Biological control of squash bug
The squash bugs (Anasa tristis) are the economically important pests of many plants in the Cucurbitae family. Adult bugs are grayish in color and about 5/8 inch long.
Female bugs lay yellowish orange or reddish colored eggs on the underside of leaves or on stems.
Immediately after hatching from eggs, nymphs start feeding on the leaves, leaf stalks and stems, and become mature by going through five nymphal stages.
Both adults and nymphs suck cell sap from leaves and leaf stalks using their sucking piercing types of mouth parts. Heavy infestation causes wilting of leaves and eventually killing the entire plant.

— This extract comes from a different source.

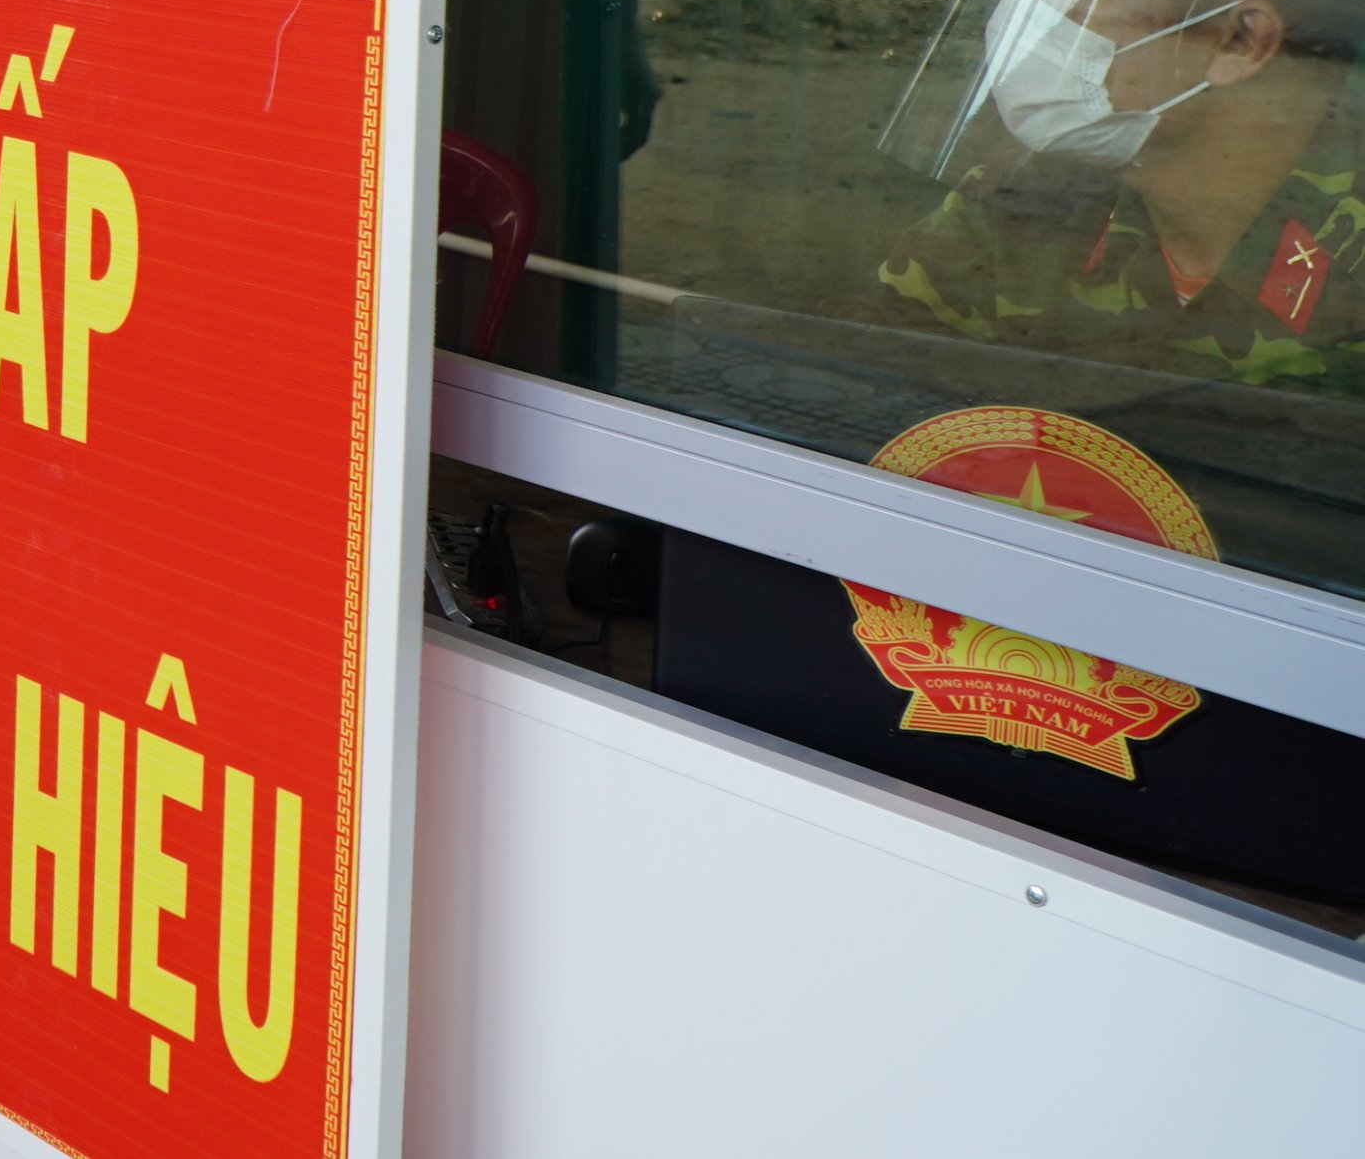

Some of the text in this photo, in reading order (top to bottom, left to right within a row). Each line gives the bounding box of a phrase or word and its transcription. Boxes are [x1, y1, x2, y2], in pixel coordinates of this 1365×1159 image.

There are several species of predatory and parasitic insects that feed on the both mature and immature stages, and eggs of squash bugs. For example, predatory insects including the bigeyed bug (Geocoris punctipes), Pagasa fusca and the damsel bug (Nabis sp) directly munch on the all the stages of squash bugs whereas the feather-legged fly (Trichopoda pennipes) adults parasitizes both the nymphal and adult squash bugs but adults of the scelionid wasp (Gyron pennsylvanicum)parasitizes eggs of squash bugs. Thus these beneficial insects have a potential to keep populations of squash bugs below economic threshold level in your garden. Therefore, if you want to have presence of more of these beneficial insects in your organic garden, you need to plant specific types of attractive plants that will serve as food source for their adults to hang around in your garden. For example, the adult feather-legged flies that parasitize and kill the squash bugs in your organic garden are attracted to plants such as carrot, dill and parsley.
The predatory bigeyed bugs are attracted to sunflowers whereas damsel bugs are attracted alfalfa, clover and radish flowers.
Decker, K.B. and Yeargan, K.V. 2008. Seasonal phenology and natural enemies of the squash bug (Hemiptera : Coreidae) in Kentucky. Environmental Entomology 37: 670-678.
Olson, D.L., Nechols, J.R. and Schurle, B.W. 1996. Comparative evaluation of population effect and economic potential of biological suppression tactics versus chemical control for squash bug (Heteroptera: Coreidae) management on pumpkins. Journal of Economic Entomology 89: 631-639.
Pickett, C.H. Schoenig, S.E. and Hoffmann, M.P. 1996. Establishment of the squash bug parasitoid, Trichopoda pennipes Fabr (Diptera: Tachnidae), in northern California. Pan-pacific Entomologist 72: 220-226.
Vogt, E.A. and Nechols, J.R. 1993. Responses of the squash bug (Hemiptera, Coreidae) and its egg parasitoid, Gryon–pennsylvanicum (Hymenoptera, Scelionidae) to 3 cucurbita cultivars. Environmental Entomology 22: 238-245.